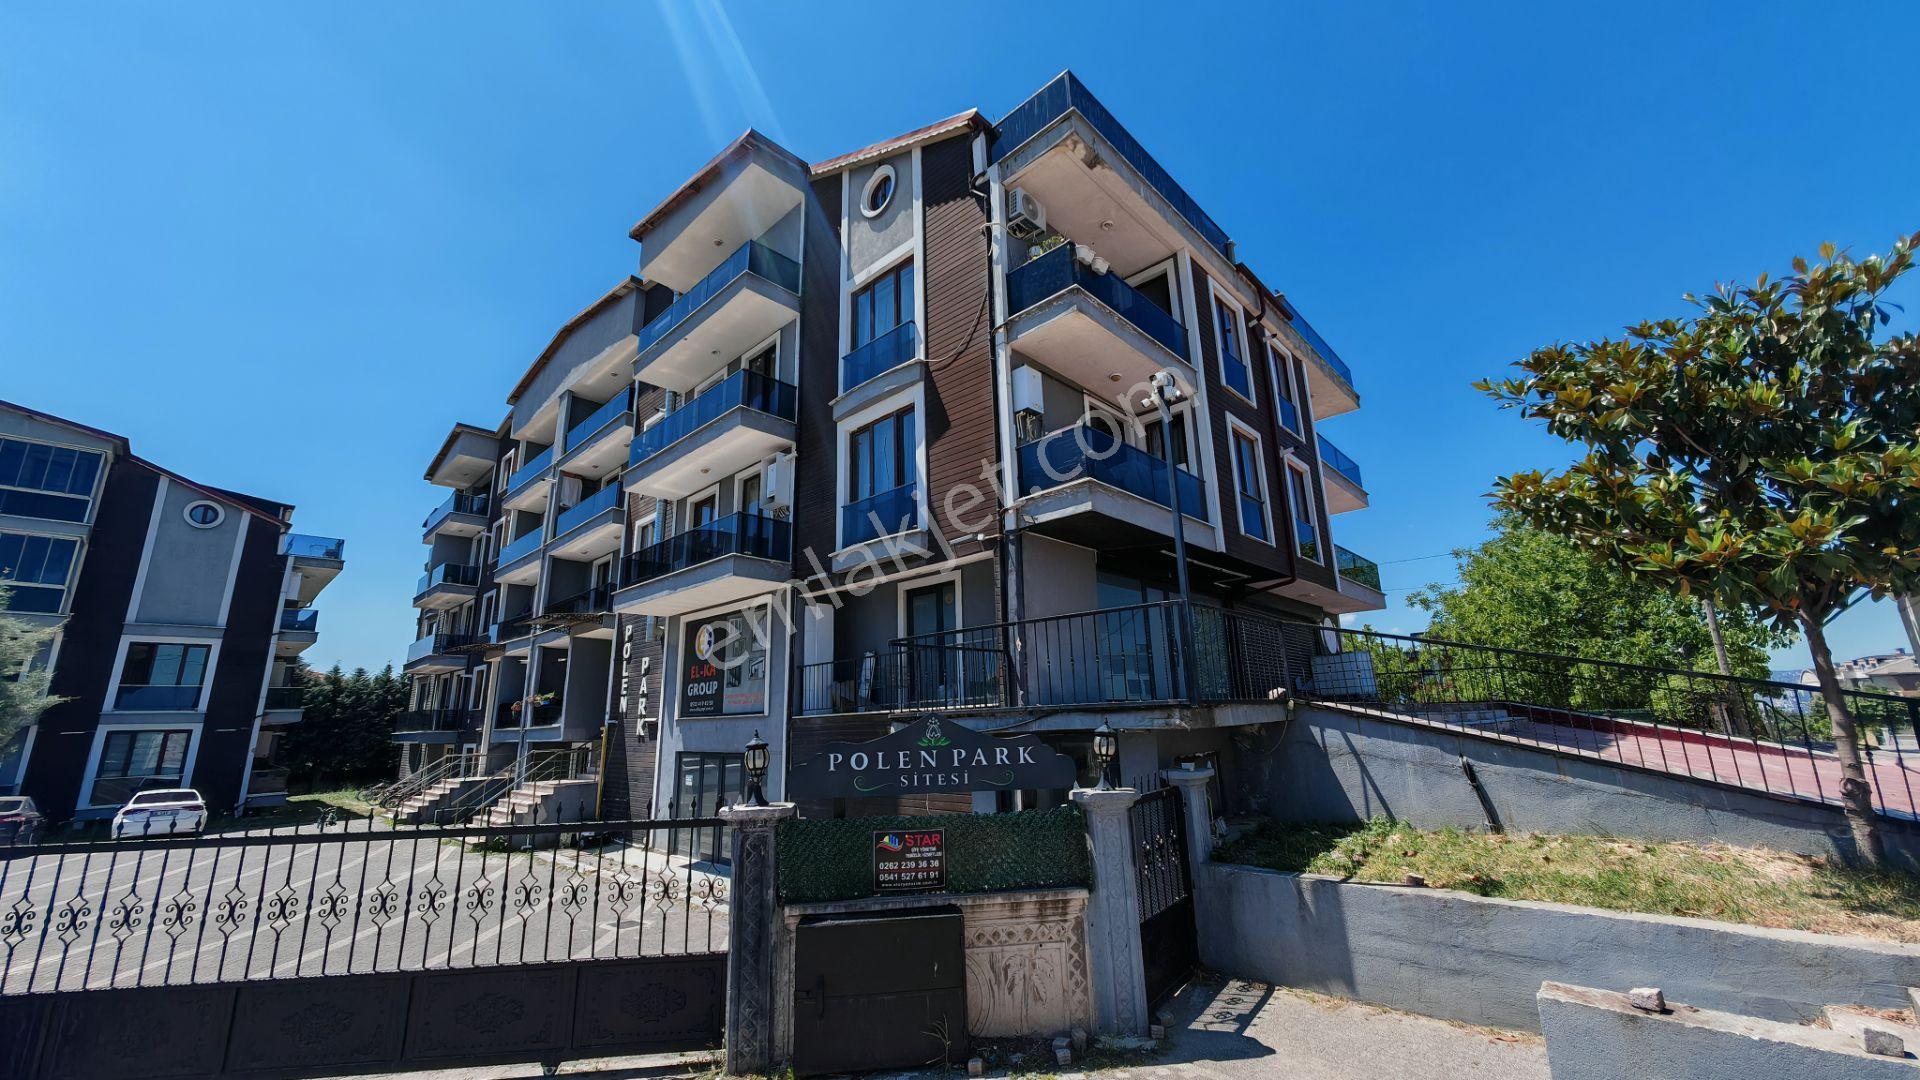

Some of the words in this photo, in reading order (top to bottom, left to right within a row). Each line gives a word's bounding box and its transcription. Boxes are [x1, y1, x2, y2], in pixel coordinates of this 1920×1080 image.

[619, 624, 633, 713] POLEN
[690, 664, 715, 679] EL-KA
[636, 657, 650, 735] PARK
[687, 681, 718, 697] GROUP
[828, 750, 937, 772] POLEN
[952, 746, 1037, 767] PARK
[900, 769, 969, 788] SİTESİ
[905, 834, 941, 846] STAR
[879, 862, 899, 870] 0262
[879, 873, 898, 881] 0541
[929, 871, 939, 879] 91
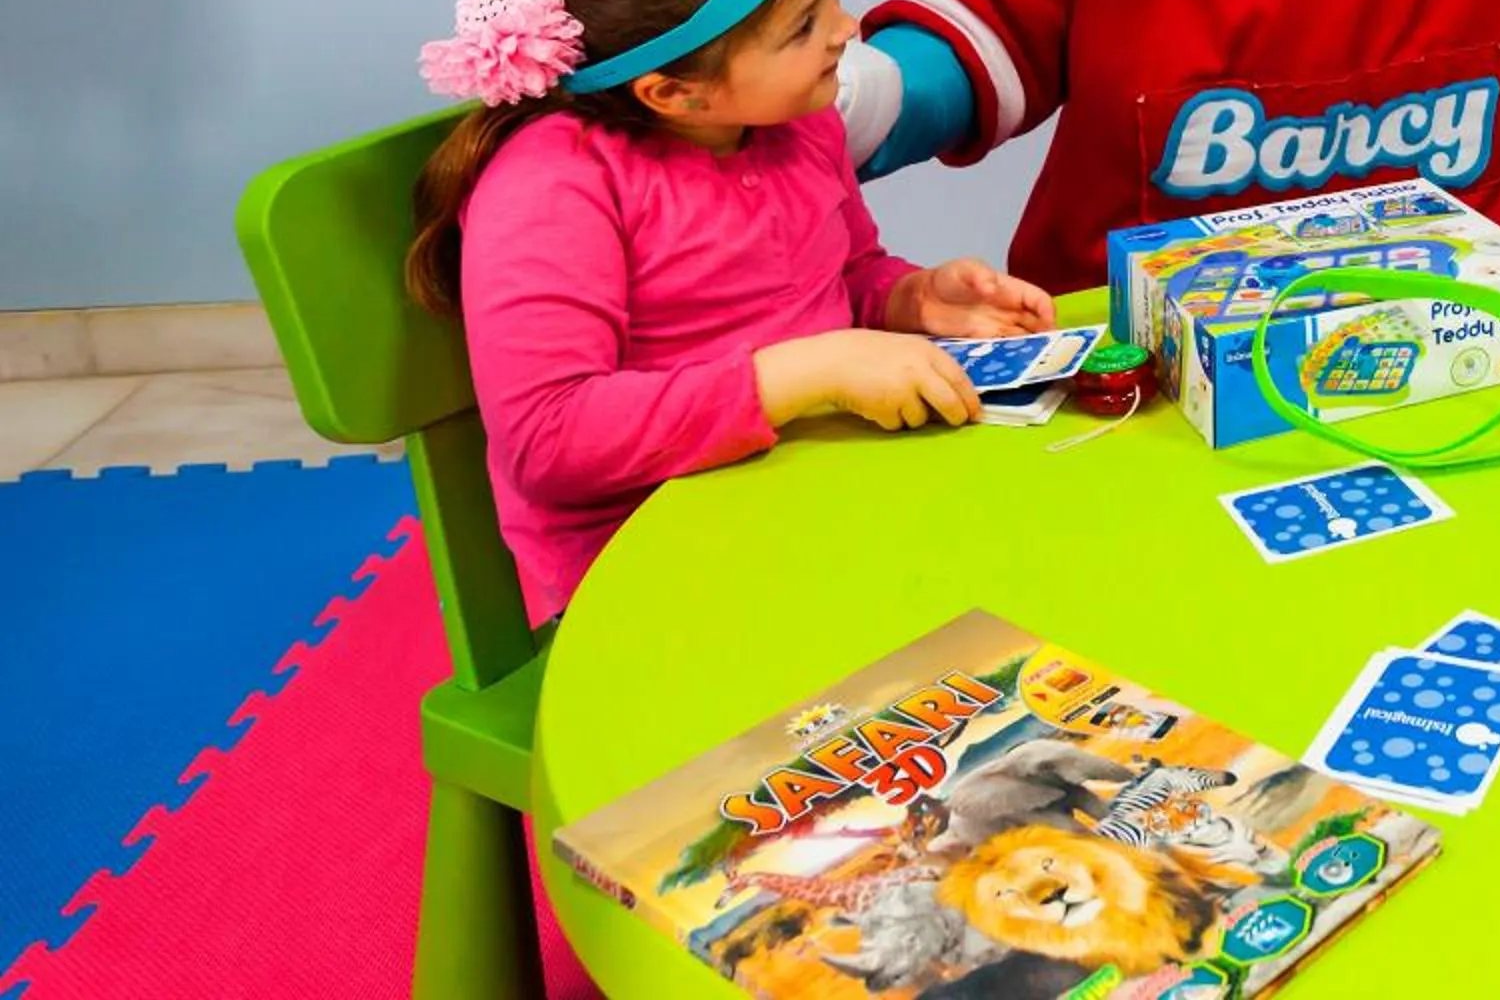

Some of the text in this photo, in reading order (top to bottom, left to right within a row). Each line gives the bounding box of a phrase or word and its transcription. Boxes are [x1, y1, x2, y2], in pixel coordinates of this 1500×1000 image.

[1164, 87, 1491, 189] Barcy
[1210, 184, 1417, 226] Prof. Teddy Sabio
[1432, 319, 1494, 345] Teddy
[719, 669, 1005, 836] SAFARI
[860, 742, 951, 806] 3D
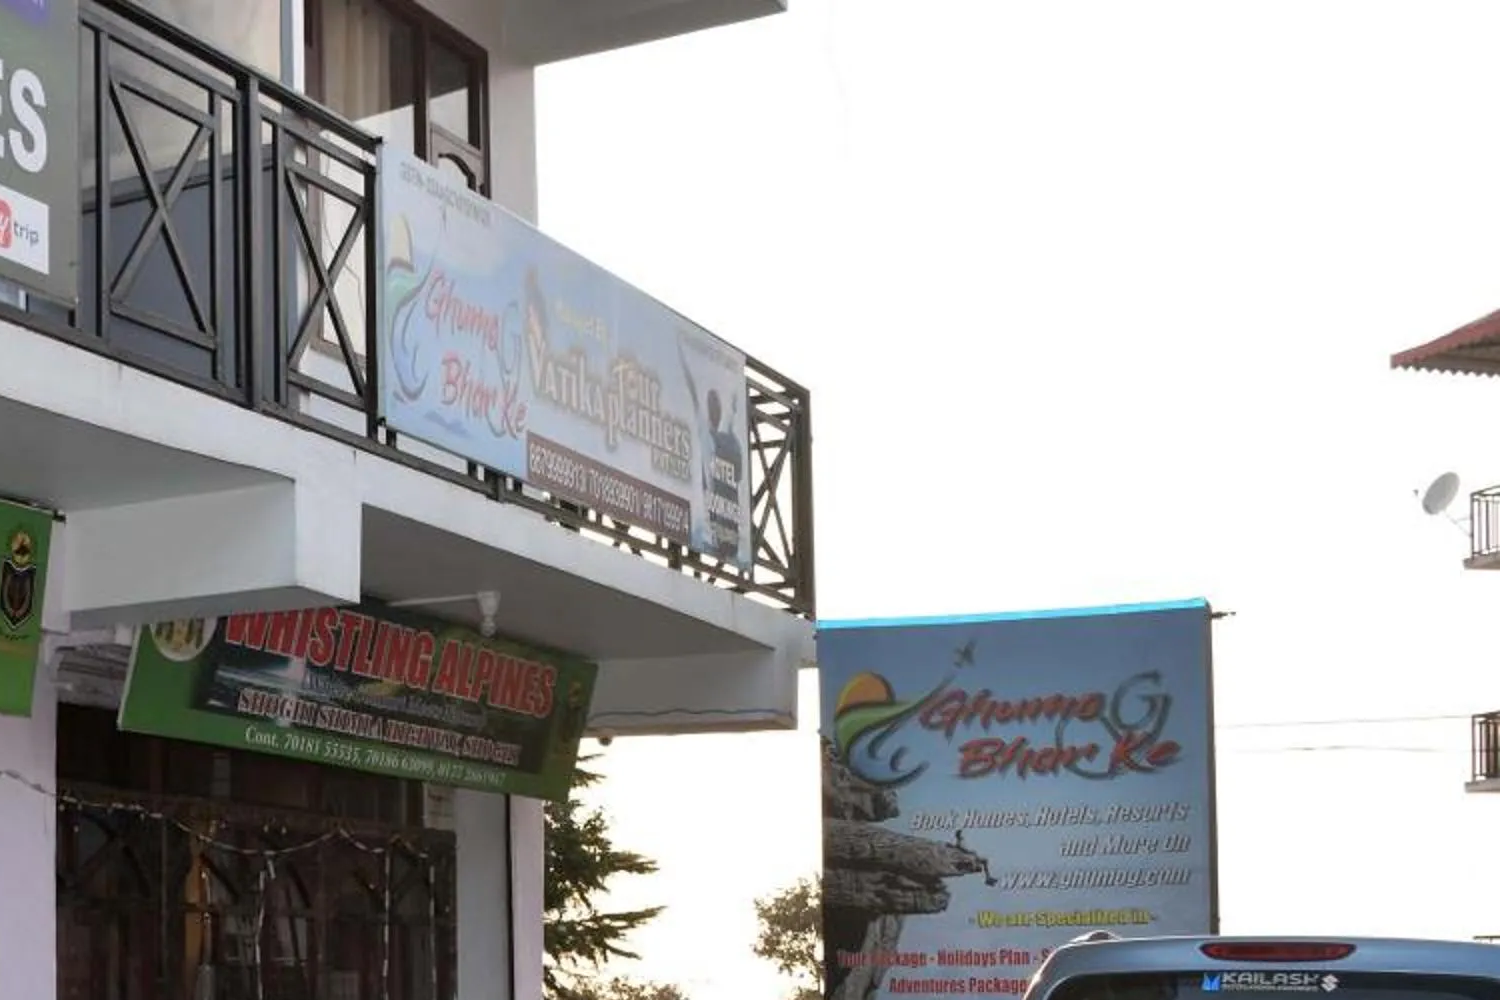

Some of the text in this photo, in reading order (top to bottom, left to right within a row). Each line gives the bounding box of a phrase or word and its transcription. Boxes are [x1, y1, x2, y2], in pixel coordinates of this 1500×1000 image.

[14, 221, 40, 247] trip
[225, 606, 435, 690] WHISTLING
[433, 639, 557, 719] ALPINES
[245, 724, 279, 748] Cont.
[284, 732, 320, 753] 70181
[937, 949, 997, 968] Holidays
[1000, 949, 1030, 966] Plan
[889, 977, 966, 993] Adventures
[1221, 971, 1321, 985] KAILASH
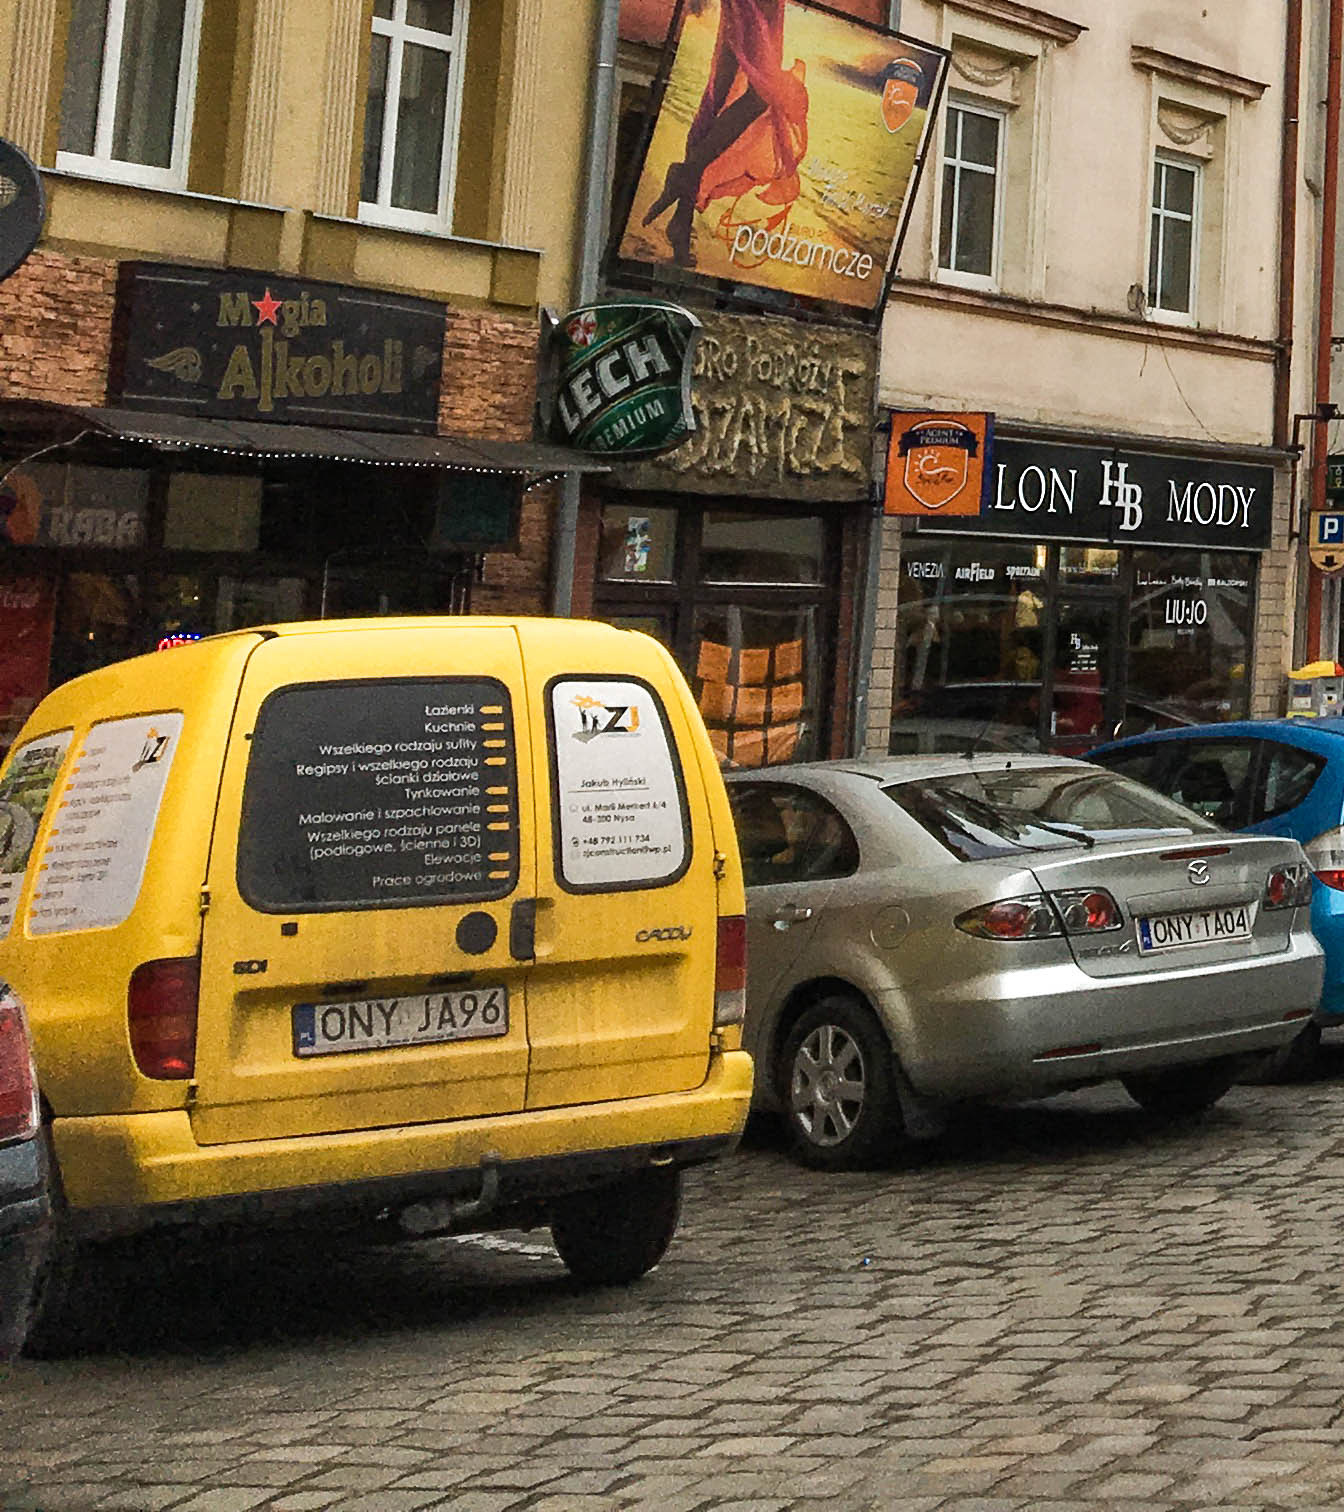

→ **REQUIREMENT**: Set the listing down exactly, without its pictures.

→ **ANSWER BOX**:
Some of the words in this photo, in reading order (top to bottom, left to right within a row). Each line gives a word's bounding box and its transcription. Boxes are [x1, y1, x2, y2], in pixel coordinates of this 1920×1080 image.

[619, 624, 633, 713] POLEN
[690, 664, 715, 679] EL-KA
[636, 657, 650, 735] PARK
[687, 681, 718, 697] GROUP
[828, 750, 937, 772] POLEN
[952, 746, 1037, 767] PARK
[900, 769, 969, 788] SİTESİ
[905, 834, 941, 846] STAR
[879, 862, 899, 870] 0262
[879, 873, 898, 881] 0541
[929, 871, 939, 879] 91

Some of the text in this photo, in reading order (top to bottom, left to right within a row). Each line gives the bounding box of a phrase or word and its transcription. Boxes are [x1, y1, x2, y2], in pixel coordinates of this 1500×1000 image.

[1164, 87, 1491, 189] Barcy
[1210, 184, 1417, 226] Prof. Teddy Sabio
[1432, 319, 1494, 345] Teddy
[719, 669, 1005, 836] SAFARI
[860, 742, 951, 806] 3D

Some of the text in this photo, in reading order (top to bottom, left to right within a row). Each line gives the bounding box of a phrase or word and its transcription. Boxes are [x1, y1, x2, y2], in pixel coordinates of this 1500×1000 image.

[14, 221, 40, 247] trip
[225, 606, 435, 690] WHISTLING
[433, 639, 557, 719] ALPINES
[245, 724, 279, 748] Cont.
[284, 732, 320, 753] 70181
[937, 949, 997, 968] Holidays
[1000, 949, 1030, 966] Plan
[889, 977, 966, 993] Adventures
[1221, 971, 1321, 985] KAILASH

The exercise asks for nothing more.